Scheme for pyrazoline synthesis.

Where, R1 = -H, -Cl(m), -Cl(p), -F(p), -OCH3(p), -OCH3(m, p), - N(CH3)2(p), -NO2(m) R2 = -F(p), -Cl(p), -Br(p), -OCH3(p).

TABLE 1

PHYSICAL DATA OF THE SYNTHESIZED PYRAZOLINES

Pyrazoline	R1	R2	Rf Value	m.p. (°)	% Yield
P01	-F (p)	-Cl (p)	0.73	132-133	51
P02	-Cl (m)	-Cl (p)	0.64	123-125	55
P03	-OCH3 (p)	-Cl (p)	0.77	172-174	58
P04	-N(CH3)2 (p)	-Cl (p)	0.11	163-165	49
P05	-Cl (p)	-Cl (p)	0.17	86-88	34
P06	-OCH3 (m,p)	-Cl (p)	0.11	166-167	50
P07	-N(CH3)2 (p)	-OCH3 (p)	0.17	188-190	52
P08	-Cl (p)	-OCH3 (p)	0.16	214-215	59
P09	-NO2 (m)	-OCH3 (p)	0.31	170-172	36
P10	-OCH3 (m,p)	-OCH3 (p)	0.30	188-189	47
P11	-F (p)	-Br (p)	0.15	111-113	53
P12	-N(CH3)2 (p)	-Br (p)	0.14	96-98	32
P13	-F (p)	-F (p)	0.19	112-114	44
P14	-Cl (p)	-F (p)	0.15	162-163	65
P15	-OCH3 (p)	-F (p)	0.12	157-158	58

All the compounds gave satisfactory spectral and elemental data

All the synthesized compounds were screened in vitro for antibacterial activity against Staphylococcus aureus, Bacillus subtilis, Pseudomonas aeruginosa, Escherichia coli at the concentrations 200, 300, 400 and 500 mg/ml and for antifungal activity against Aspergillus niger at 100, 200, 300, 400 μg/ml by cup-plate agar diffusion method11. The concentrations used in screening were chosen after determining the MICs of each compound. The solvent used was dimethylsulfoxide (DMSO) further diluted with water. Muller Hinton agar was used as the growth medium for the bacterial species and Sabouraud's agar was the growth medium for the fungal species. DMSO was used as a control for all the type of microorganisms. The control showed no activity against the strains of microorganisms used. Antimicrobial activity and antifungal activity was measured as a function of diameter of zone of inhibition (mm). The results were compared with standard drugs ciprofloxacin for antibacterial activity and fluconazole for antifungal activity by measuring the zone of inhibition in mm at 200 and 100 μg/ml respectively.

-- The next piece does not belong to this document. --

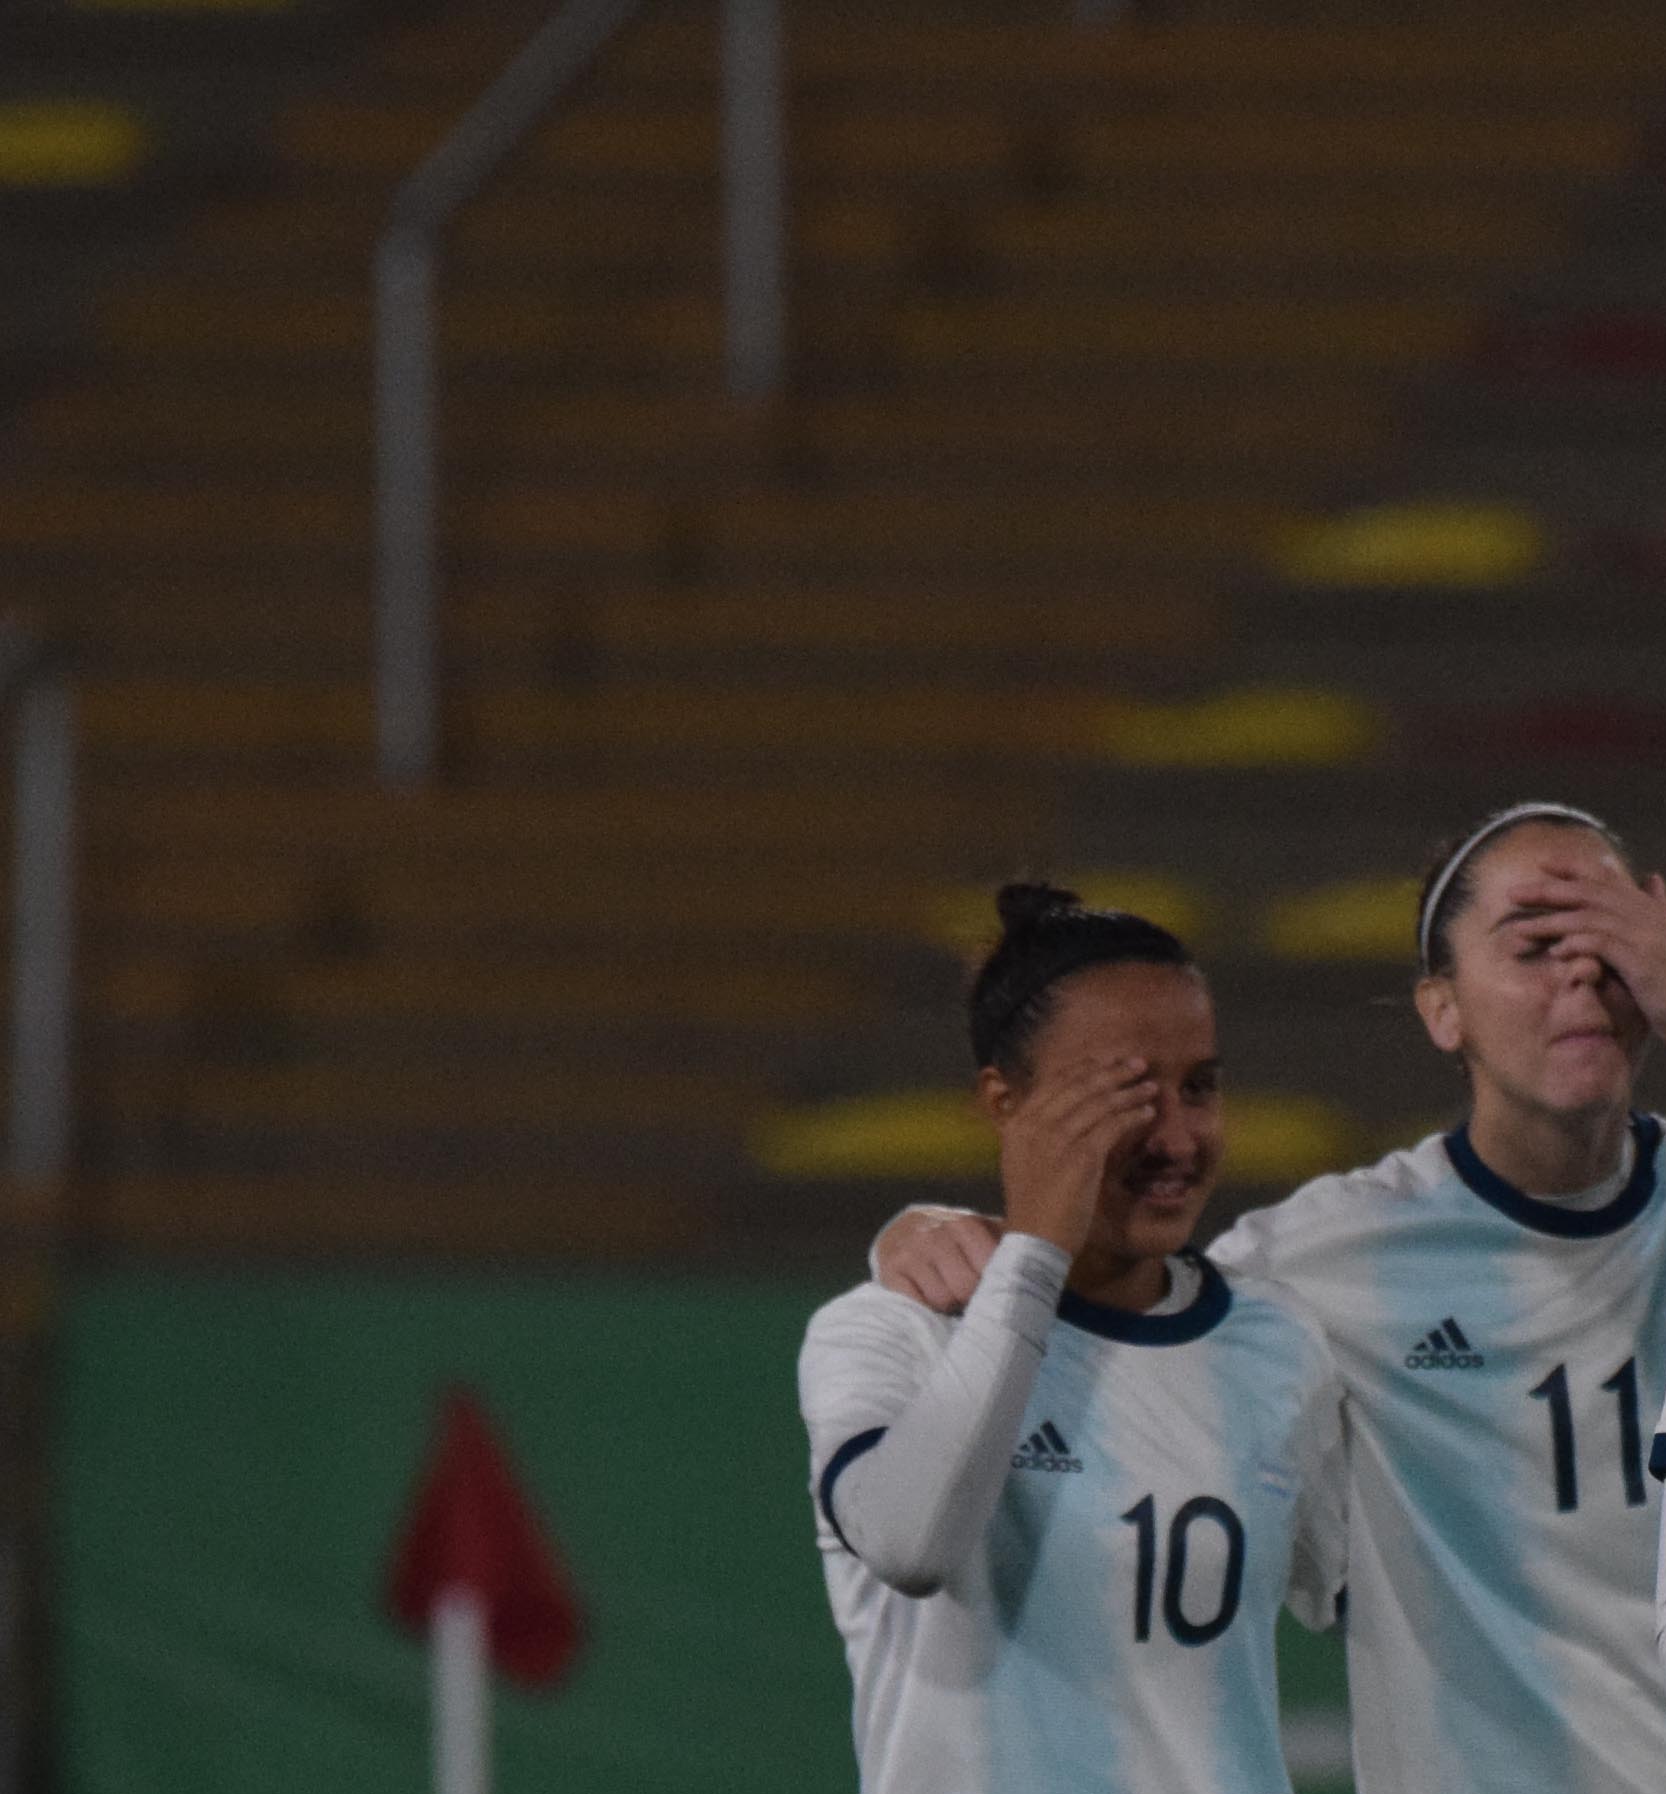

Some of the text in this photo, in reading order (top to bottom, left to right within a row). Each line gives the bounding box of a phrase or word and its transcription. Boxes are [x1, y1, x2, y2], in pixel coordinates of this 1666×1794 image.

At 200 μg/ml, compounds P14 and P15 were found most effective of the synthesized compounds against S. aureus, (zone of inhibition 15 mm) and compound P14 is the most effective among the synthesized compounds at 200 μg/ml against B. subtilis, (zone of inhibition 16 mm). Compounds P02, P08, P09, P10, P11 were the most effective among the synthesized compounds against E. coli, (zone of inhibition 15 mm) and compound P05 was the most effective at 200 μg/ml among the synthesized compounds against P. aeruginosa, (zone of inhibition 21 mm). At 100 μg/ml the maximum diameter of zone of inhibition (20 mm) against Aspergillus niger was observed for compound P08; indicating that, it is the most effective among the synthesized compounds against Aspergillus niger. The results of the antibacterial and antifungal activity are given in Table 2.

TABLE 2

RESULTS OF IN VITRO ANTIBACTERIAL AND ANTIFUNGAL ACTIVITY

Code	S. aureus				B. subtilis				E. coli				P. aeruginosa				A. niger
	B	C	D	E	B	C	D	E	B	C	D	E	B	C	D	E	A	B	C	D
P01	12	13	15	16	13	14	16	17	12	13	14	16	-	-	-	-	12	13	14	16
P02	14	16	18	22	13	14	15	17	15	17	19	21	15	16	18	20	-	-	-	-
P03	13	14	15	17	14	16	17	19	12	14	16	17	-	-	-	-	12	13	15	16
P04	13	14	15	17	12	13	15	16	12	13	14	16	18	20	22	26	14	15	16	18
P05	12	14	16	17	-	-	16	19	13	14	16	17	21	24	26	28	-	-	-	-
P06	12	13	14	16	12	13	14	15	12	13	14	15	20	22	23	25	-	-	-	-
P07	-	-	-	13	12	13	14	16	12	13	14	16	15	19	22	25	19	21	23	24
P08	12	13	15	16	12	14	15	17	15	18	21	23	-	-	-	-	20	22	24	26
P09	12	14	16	18	-	-	-	-	15	16	17	19	12	16	20	23	16	18	20	22
P10	13	15	17	20	-	12	14	16	15	17	19	21	18	21	24	26	15	17	19	20
P11	12	13	14	16	12	13	15	16	15	17	21	23	17	19	22	24	15	16	18	19
P12	12	14	15	17	-	-	12	14	12	14	15	17	17	20	23	25	16	18	20	22
P13	12	13	14	15	12	14	16	19	12	13	16	18	13	15	17	20	-	-	-	-
P14	15	17	19	21	16	18	20	22	14	16	18	20	16	18	20	23	-	-	-	-
P15	15	17	18	20	14	15	16	18	12	13	14	16	-	-	-	-	-	-	-	-

A, B, C, D, E indicates concentration of compounds at 100 μg/ml, 200 μg/ml, 300 μg/ml, 400 μg/ml and 500 μg/ml, respectively. Ciprofloxacin (200 μg/ml) had 26 mm zone of inhibition for S. aureus, 25 mm for B. subtilis, 26 mm for E. coli, 30 mm for P. aeruginosa microorganisms respectively and fluconazole (100 μg/ml) had 28 mm zone of inhibition for A. niger organism. Figures indicate diameter of the zone of inhibition in mm including the diameter of cup (i.e. 10 mm). ‘-’ indicates resistance.